Foreclosure mediation

One of the solutions to the onslaught of foreclosure lawsuits has been requiring mediation between the bank and the homeowner.  Finally, it looks like there is some momentum on this front:

“To sandbag the flood of foreclosures pouring into the state’s underfunded court system, the Florida Supreme Court announced the formation of a statewide task force on Monday that will look for solutions to the docket backlog while ensuring borrowers and lenders are treated fairly.”

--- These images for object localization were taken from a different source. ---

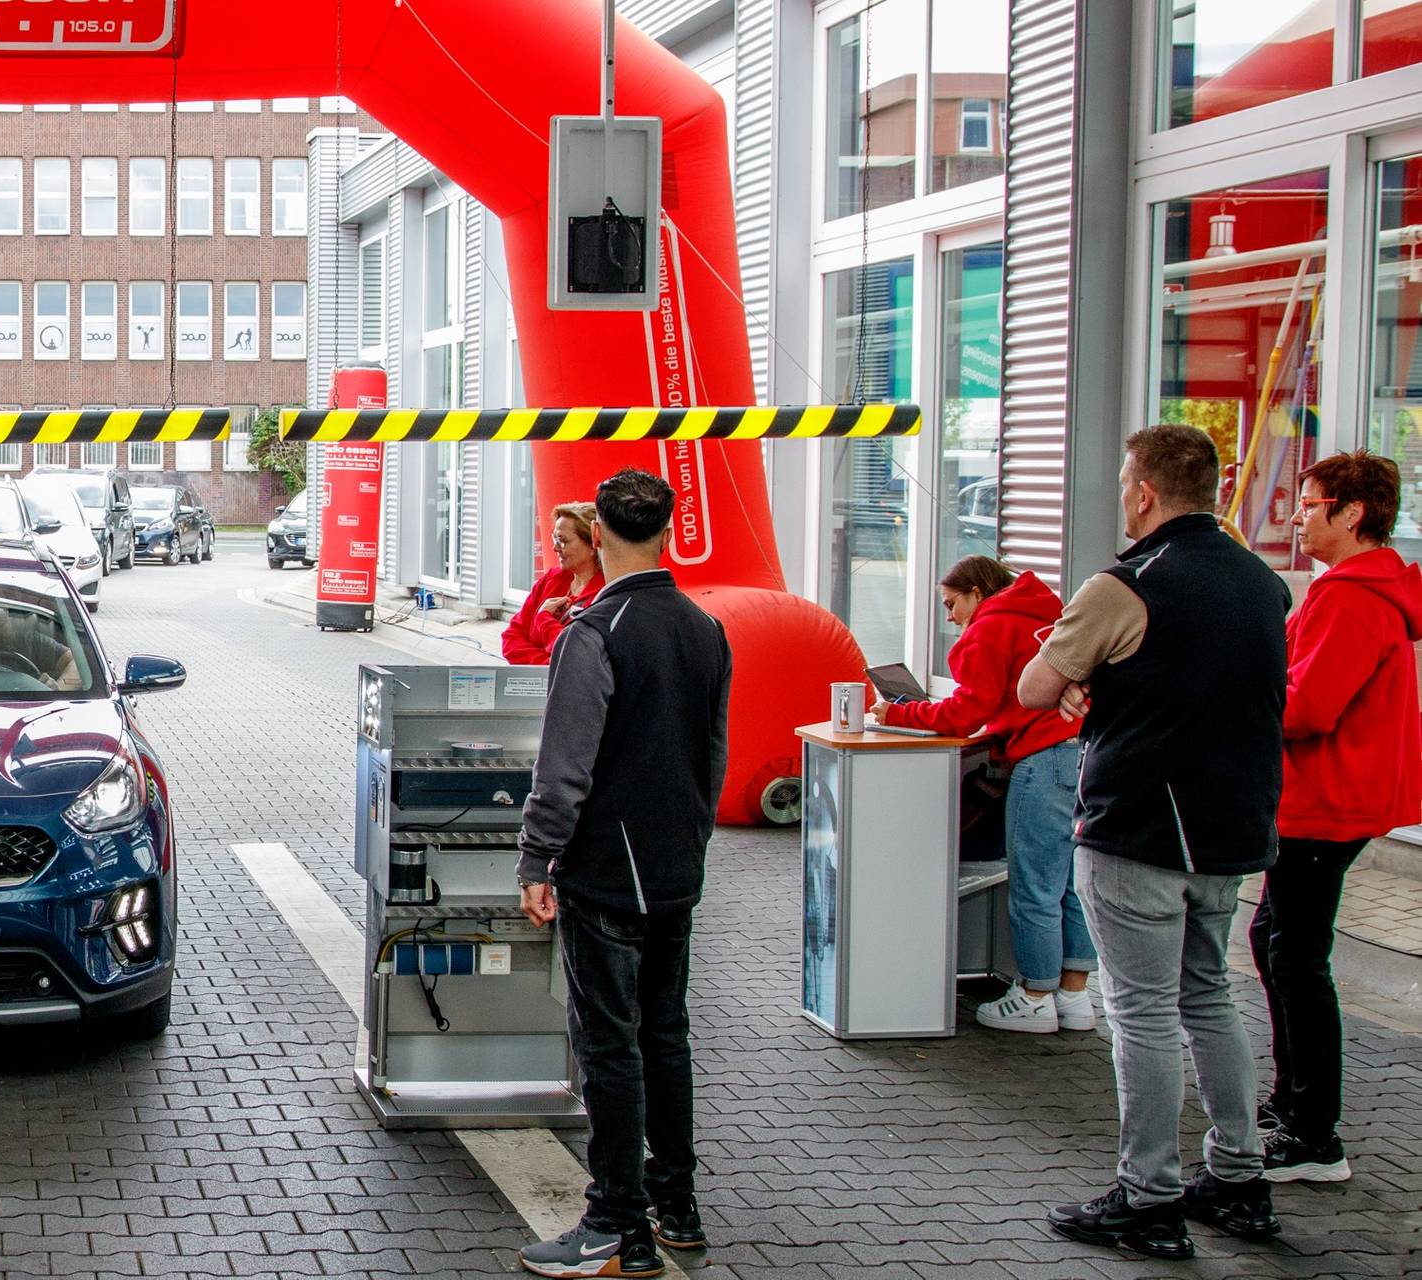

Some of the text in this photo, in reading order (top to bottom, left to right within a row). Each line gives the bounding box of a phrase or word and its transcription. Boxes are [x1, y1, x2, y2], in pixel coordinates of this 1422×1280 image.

[69, 20, 116, 33] 105.0
[660, 297, 676, 343] beste
[664, 346, 679, 370] die
[679, 463, 692, 492] von
[679, 496, 698, 545] 100%

This is a win-win for everyone involved.  Homeowners have an opportunity with a neutral third party to discuss a resolution of the matter.  The lenders/banks have the opportunity to have the case settled, which saves litigation costs and avoids the real possibility of another REO.  Hopefully, the plan will require homeowners to provide the bank/lender with financials prior to the mediation (for example, what is required pursuant to the new Obama plan), so there is transparency and efficiency.

Unfortunately, there is some poo-pooing from the lenders and their attorneys:

“Marc Ben Ezra, a Fort Lauderdale attorney who handles foreclosures for lenders, said there is a huge need for uniform statewide rules. But he said forced mediation is not the answer.”

Mr. Ben-Ezra claims that mediation will raise costs and delay the process.  I dispute the cost-raise issue and believe the whole purpose is to slow down the process.  If some time is taken to look at the loan and the finances of the homeowner, something can be worked out.  We are, afterall, talking about the roof over someone’s head here.  A little delay can’t hurt that much, can it?